** Task input **
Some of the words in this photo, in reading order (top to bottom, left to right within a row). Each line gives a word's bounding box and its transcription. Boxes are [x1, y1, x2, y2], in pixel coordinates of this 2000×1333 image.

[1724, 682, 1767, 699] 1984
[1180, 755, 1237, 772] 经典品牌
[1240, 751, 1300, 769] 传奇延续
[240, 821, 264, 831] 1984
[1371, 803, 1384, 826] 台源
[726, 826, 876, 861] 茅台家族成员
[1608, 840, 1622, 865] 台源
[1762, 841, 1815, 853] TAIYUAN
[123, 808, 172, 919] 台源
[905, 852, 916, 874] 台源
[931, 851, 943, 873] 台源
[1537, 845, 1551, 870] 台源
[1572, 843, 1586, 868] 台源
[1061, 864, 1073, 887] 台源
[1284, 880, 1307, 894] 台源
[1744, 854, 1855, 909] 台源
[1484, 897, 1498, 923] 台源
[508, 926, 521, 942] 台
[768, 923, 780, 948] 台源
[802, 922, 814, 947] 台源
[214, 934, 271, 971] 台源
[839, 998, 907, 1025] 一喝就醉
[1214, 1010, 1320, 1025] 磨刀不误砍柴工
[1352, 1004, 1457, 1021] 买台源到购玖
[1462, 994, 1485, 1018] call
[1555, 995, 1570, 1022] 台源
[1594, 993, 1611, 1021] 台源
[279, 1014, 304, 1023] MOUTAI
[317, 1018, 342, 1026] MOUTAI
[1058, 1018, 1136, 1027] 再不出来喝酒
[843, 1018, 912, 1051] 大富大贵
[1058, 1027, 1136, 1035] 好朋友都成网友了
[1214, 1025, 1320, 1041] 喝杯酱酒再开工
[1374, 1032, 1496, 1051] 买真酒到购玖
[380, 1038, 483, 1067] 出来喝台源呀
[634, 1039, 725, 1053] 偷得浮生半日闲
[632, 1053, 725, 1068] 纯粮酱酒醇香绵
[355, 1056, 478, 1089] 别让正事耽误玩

** What is required **
Would you restate each of the entries word for word?

** Result for this exercise **
Some of the words in this photo, in reading order (top to bottom, left to right within a row). Each line gives a word's bounding box and its transcription. Boxes are [x1, y1, x2, y2], in pixel coordinates of this 2000×1333 image.

[1724, 682, 1767, 699] 1984
[1180, 755, 1237, 772] 经典品牌
[1240, 751, 1300, 769] 传奇延续
[240, 821, 264, 831] 1984
[1371, 803, 1384, 826] 台源
[726, 826, 876, 861] 茅台家族成员
[1608, 840, 1622, 865] 台源
[1762, 841, 1815, 853] TAIYUAN
[123, 808, 172, 919] 台源
[905, 852, 916, 874] 台源
[931, 851, 943, 873] 台源
[1537, 845, 1551, 870] 台源
[1572, 843, 1586, 868] 台源
[1061, 864, 1073, 887] 台源
[1284, 880, 1307, 894] 台源
[1744, 854, 1855, 909] 台源
[1484, 897, 1498, 923] 台源
[508, 926, 521, 942] 台
[768, 923, 780, 948] 台源
[802, 922, 814, 947] 台源
[214, 934, 271, 971] 台源
[839, 998, 907, 1025] 一喝就醉
[1214, 1010, 1320, 1025] 磨刀不误砍柴工
[1352, 1004, 1457, 1021] 买台源到购玖
[1462, 994, 1485, 1018] call
[1555, 995, 1570, 1022] 台源
[1594, 993, 1611, 1021] 台源
[279, 1014, 304, 1023] MOUTAI
[317, 1018, 342, 1026] MOUTAI
[1058, 1018, 1136, 1027] 再不出来喝酒
[843, 1018, 912, 1051] 大富大贵
[1058, 1027, 1136, 1035] 好朋友都成网友了
[1214, 1025, 1320, 1041] 喝杯酱酒再开工
[1374, 1032, 1496, 1051] 买真酒到购玖
[380, 1038, 483, 1067] 出来喝台源呀
[634, 1039, 725, 1053] 偷得浮生半日闲
[632, 1053, 725, 1068] 纯粮酱酒醇香绵
[355, 1056, 478, 1089] 别让正事耽误玩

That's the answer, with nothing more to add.